Ileal inhibitory effects on pancreatic enzyme output are also demonstrable during exogenous, cholinergic stimulation of exocrine pancreatic secretion. These findings support the hypothesis that direct inhibition of cholinergic systems may be involved in the ileal inhibitory effects on pancreatic enzyme secretion. Furthermore, glucagon-like peptide-1 (GLP-1) may play a role in the mediation of the ileum-induced effects. Ileal carbohydrate perfusion inhibits endogenously stimulated exocrine pancreatic secretion in humans. Our aim was to investigate if ileal perfusion of carbohydrates exerts similar effects on exogenously stimulated pancreatic enzyme output, i.e., if the inhibitory mechanisms are reproducible during direct, cholinergic stimulation of the exocrine pancreas. Furthermore, we sought to clarify the role of the potential humoral mediators (GLP-1) and peptide YY (PYY). Eight healthy fasting volunteers were intubated with an oroileal multilumen tube system for aspiration of duodenal juice and perfusion of test solutions.
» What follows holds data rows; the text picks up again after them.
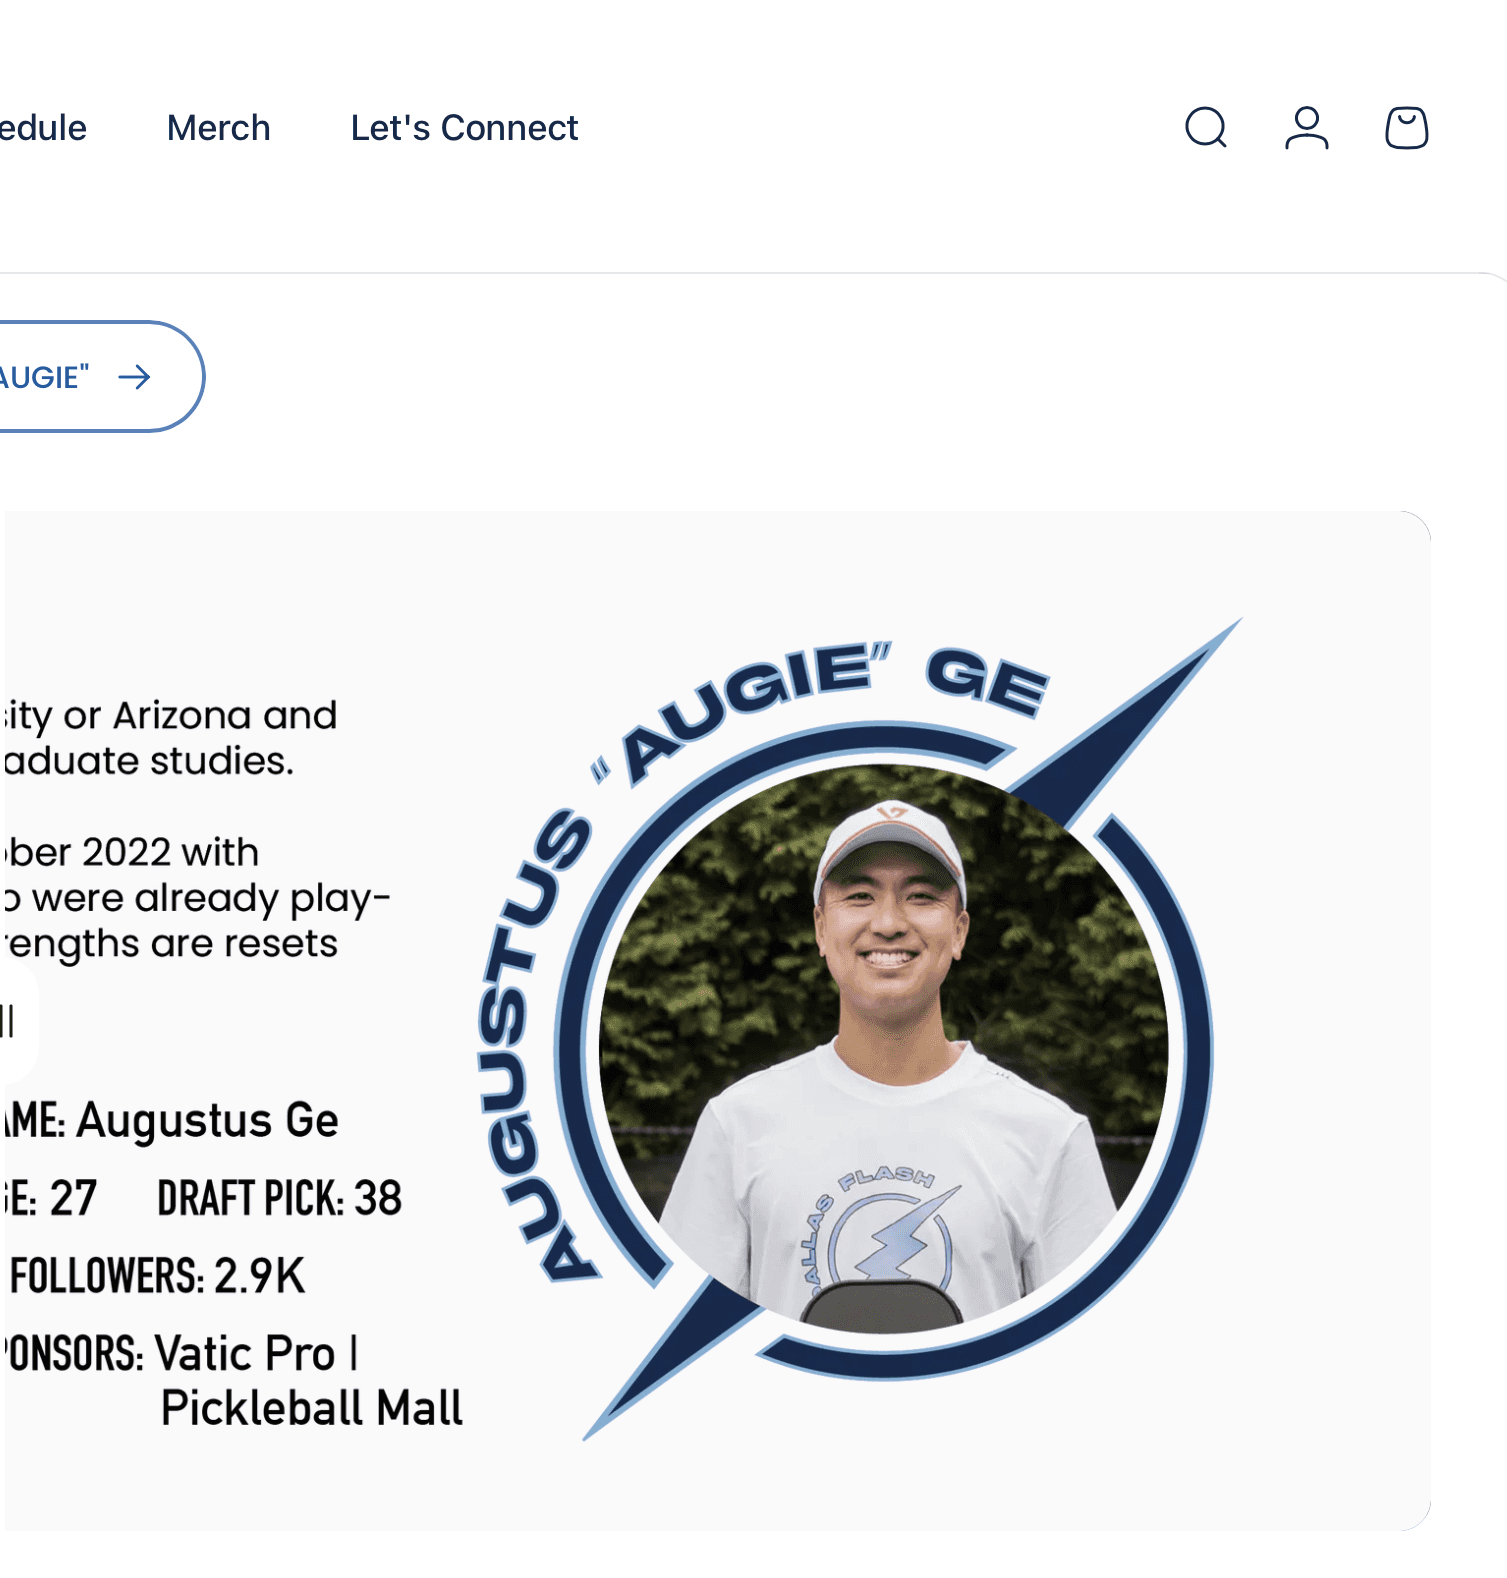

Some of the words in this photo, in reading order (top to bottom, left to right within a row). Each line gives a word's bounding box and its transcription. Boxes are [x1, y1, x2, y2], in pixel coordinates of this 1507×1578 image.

[169, 113, 269, 141] Merch
[353, 114, 430, 141] Let's
[442, 114, 578, 141] Connect
[5, 699, 53, 739] ity
[64, 706, 101, 729] or
[113, 699, 250, 730] Arizona
[264, 699, 336, 730] and
[5, 745, 139, 775] aduate
[151, 745, 293, 775] studies.
[5, 837, 71, 867] ber
[83, 836, 171, 867] 2022
[181, 836, 258, 867] with
[32, 888, 123, 912] were
[135, 881, 279, 921] already
[292, 881, 390, 921] play-
[5, 927, 139, 967] engths
[152, 934, 213, 957] are
[226, 930, 337, 957] resets
[477, 808, 603, 1283] AUGUSTUS
[926, 647, 1051, 720] GE
[76, 1100, 271, 1148] Augustus
[287, 1100, 339, 1137] Ge
[838, 1165, 935, 1192] FLASH
[5, 1179, 37, 1216] E:
[50, 1179, 97, 1216] 27
[159, 1179, 256, 1216] DRAFT
[265, 1179, 344, 1216] PICK:
[354, 1179, 403, 1216] 38
[11, 1256, 204, 1294] FOLLOWERS:
[215, 1256, 306, 1294] 2.9K
[5, 1334, 144, 1371] ONSORS:
[153, 1334, 252, 1371] Vatic
[267, 1334, 335, 1371] Pro
[162, 1388, 364, 1425] Pickleball
[377, 1388, 464, 1425] Mall
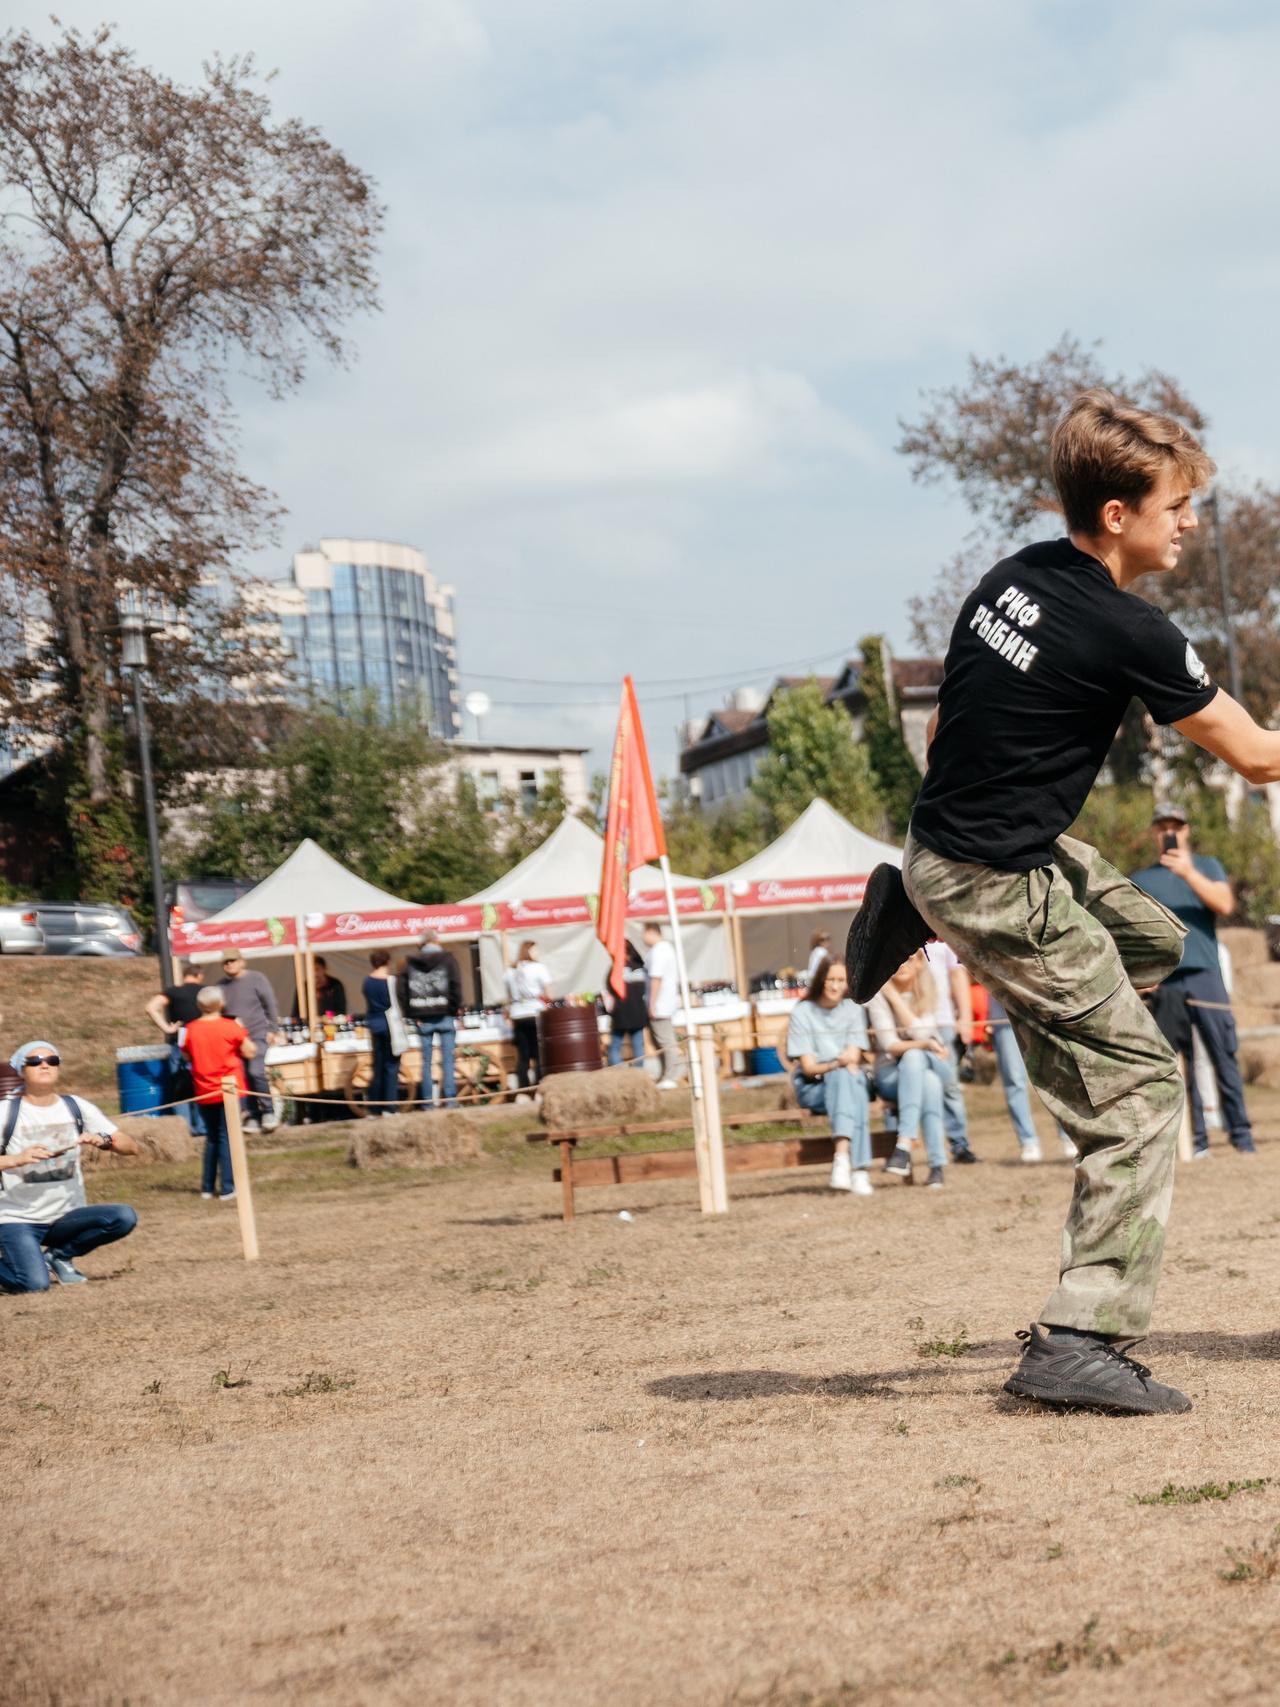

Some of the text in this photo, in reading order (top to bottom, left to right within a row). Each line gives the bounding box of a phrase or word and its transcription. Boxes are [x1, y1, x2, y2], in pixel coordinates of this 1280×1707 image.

[995, 585, 1040, 628] РИФ
[968, 604, 1039, 672] РЫБИН
[335, 913, 401, 936] Винная
Exocrine pancreatic secretion was stimulated by a continuous i.v. infusion of the cholinergic agonist carbachol. Additionally, the ileum was perfused for 15-min intervals with either carbohydrates (total load: 18 g) or saline as control. Blood samples for determination of GLP-1 and PYY were taken before the beginning of exogenous stimulation and before and after ileal perfusion. Exogenously stimulated pancreatic enzyme secretion was significantly inhibited by additional ileal carbohydrate perfusion (p < 0.05), whereas ileal saline had no effect. Moreover, plasma levels of GLP-1 increased significantly (p = 0.004) after ileal perfusion of carbohydrates, but not after saline. PYY plasma concentrations remained unchanged after both ileal perfusates.